RaxWEblog

"This site uses cookies from Google to deliver its services and analyze traffic. Your IP address and user-agent are shared with Google along with performance and security metrics to ensure quality of service, generate usage statistics, and to detect and address abuse."

Tuesday, January 30, 2024

Deep Democracy.

A democracy inclusive of all...  as in all.

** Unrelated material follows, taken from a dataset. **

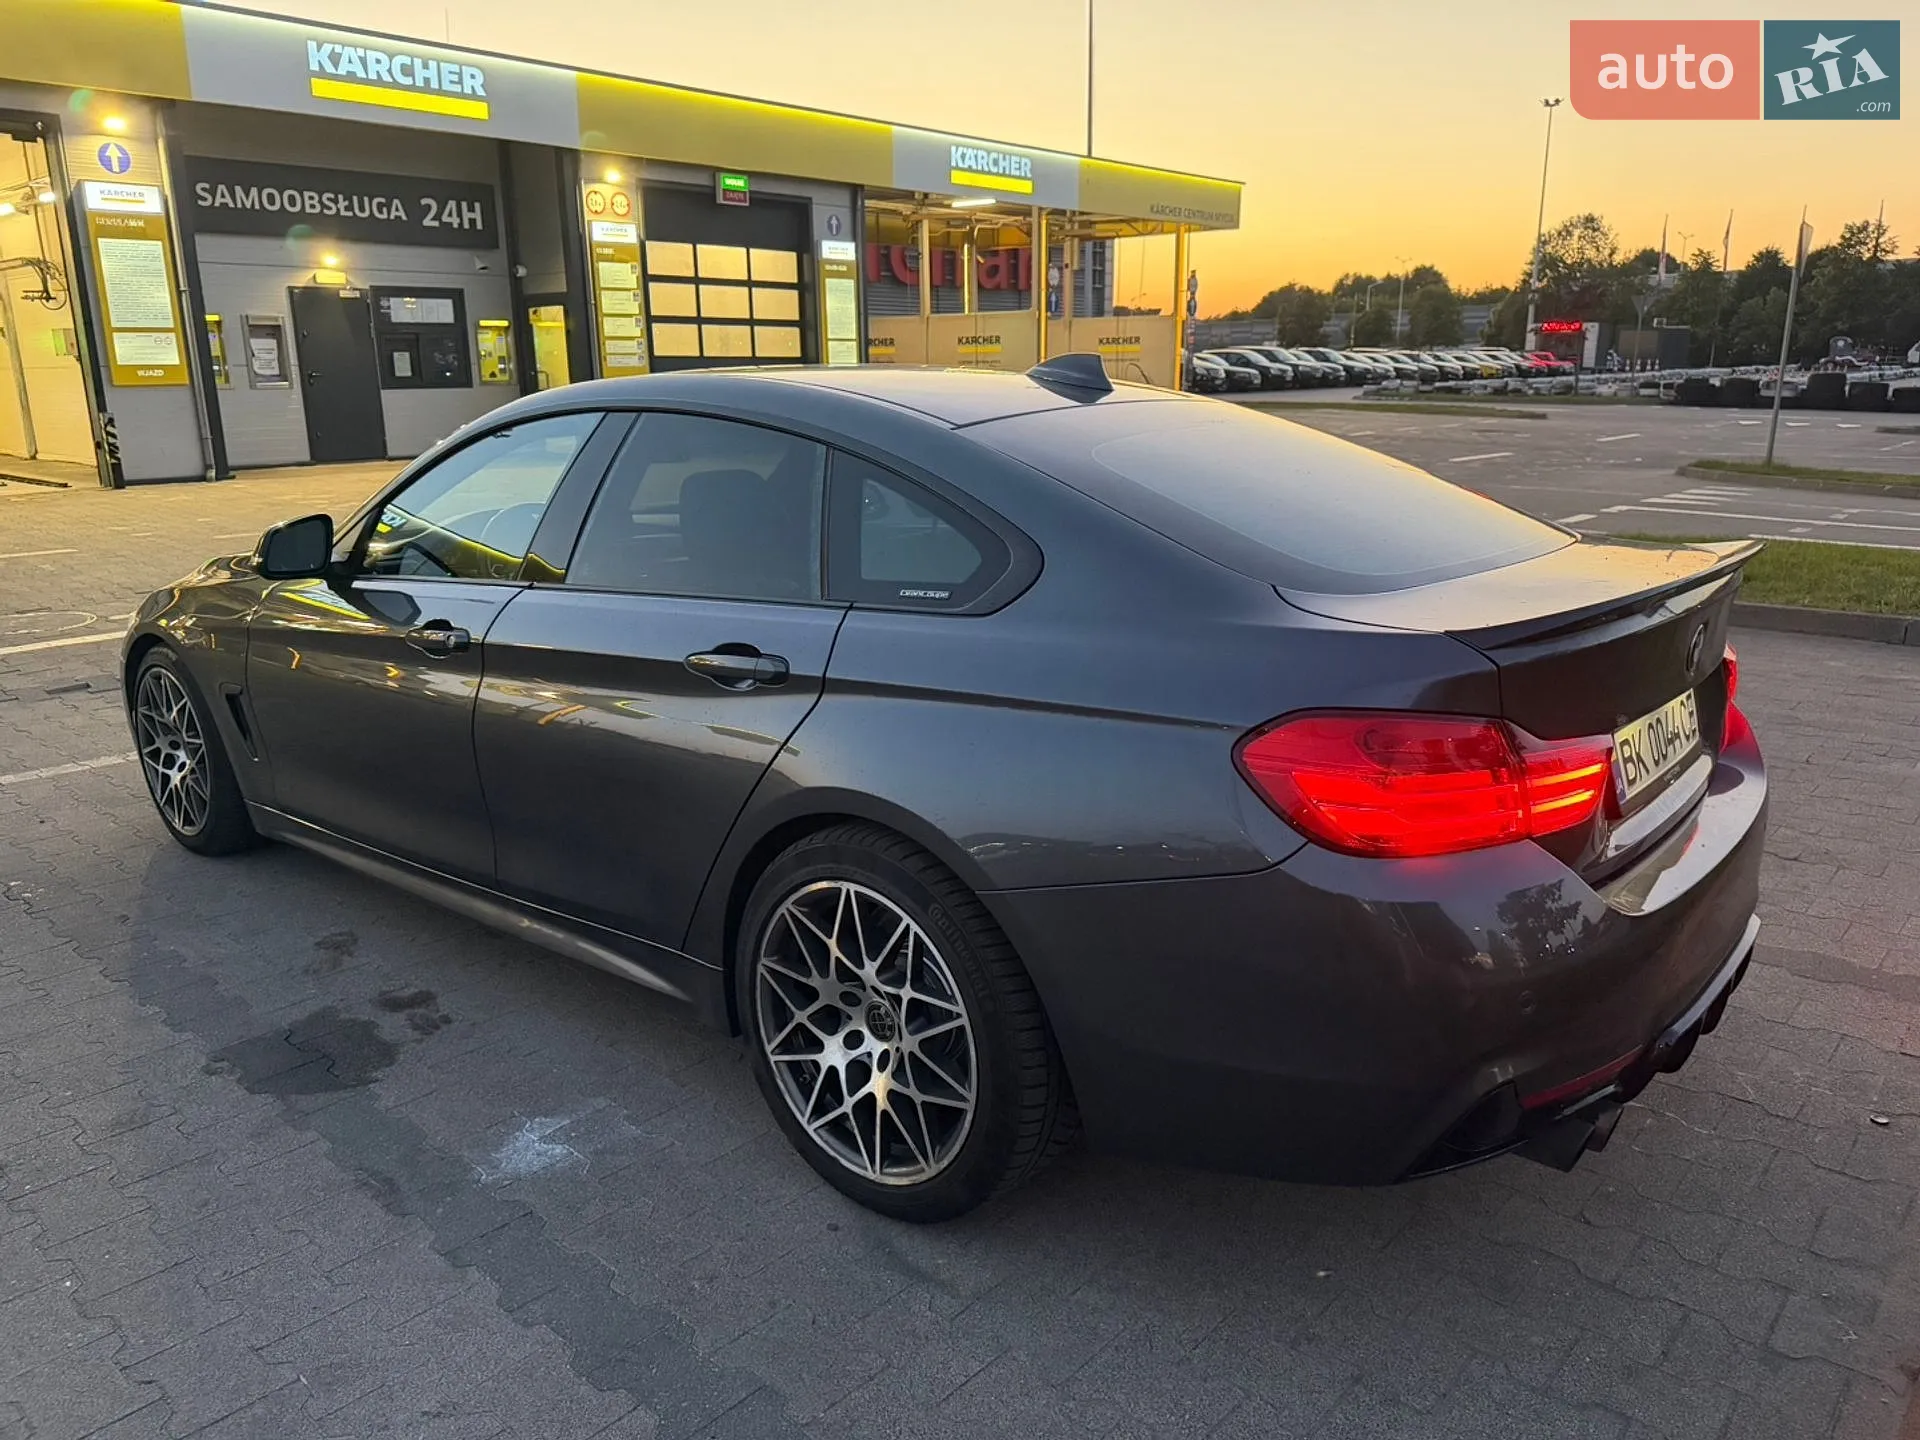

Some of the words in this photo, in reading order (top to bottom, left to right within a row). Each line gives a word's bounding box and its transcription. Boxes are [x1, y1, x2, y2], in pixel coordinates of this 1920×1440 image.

Tradition means giving a vote to most obscure of all classes, our ancestors. It is the democracy of the dead....  Tradition refuses to submit to the small and arrogant oligarchy of those who merely happen to be walking about.  All democrats object to men being disqualified by the accident of birth; tradition objects to their being disqualified by the accident of death.  Democracy tells us not to neglect a good man’s opinion, even if he is our groom; tradition asks us not to neglect a good man’s opinion, even if he is our father.    

--G. K. Chesterton


I love that Chesterton quote.  I want to take it further.  Way further.  I favor a democracy that includes the dead by recognizing and accounting for the ways things our forebears did them.  I also favor an even deeper and broader democracy that looks out for the interests of people who have not come yet, people who will look to us as ancestors. 


Christian theology understands this in terms of the Communion of the Saints, and gathering of all the faithful, living, dead, and yet to come.   


Furthermore, why do we limit democracy merely to humans?  Why can we not find a way to attend politically to the best interests of animals and plants, even the planet itself?  


What would politics look like if we asked what effect this or that policy or initiative would have on the future?  What if we asked whether people yet unborn would benefit from this decision, or hate us for it?  Do our decisions make life better or worse for our offspring?  What if we extended Jesus' teaching about doing unto others to include people not yet alive?


Indeed, what gives us the right to do so much as cut down a tree without the tree's permission, let alone slaughter a cow or dam a river? 


Genesis empowers humans to "till and keep" creation, which the word "dominion" sums up.  The example of such dominion we find in Jesus Christ, who exercises it in terms of care, cooperation, respect, love, and seeing every living thing as a sign of God's saving Presence.  The only "rights" we have with regard to nature or anything else -- in other words, the real meaning of freedom -- we find in obedience to the will of the Creator, revealed in Jesus.  We certainly have no right to destroy, poison, exploit, misuse, abuse, deplete, or otherwise degrade something that does not belong to us but to God (Psalm 24:1).


Anyway, a deep democracy would act on behalf and for the benefit of all.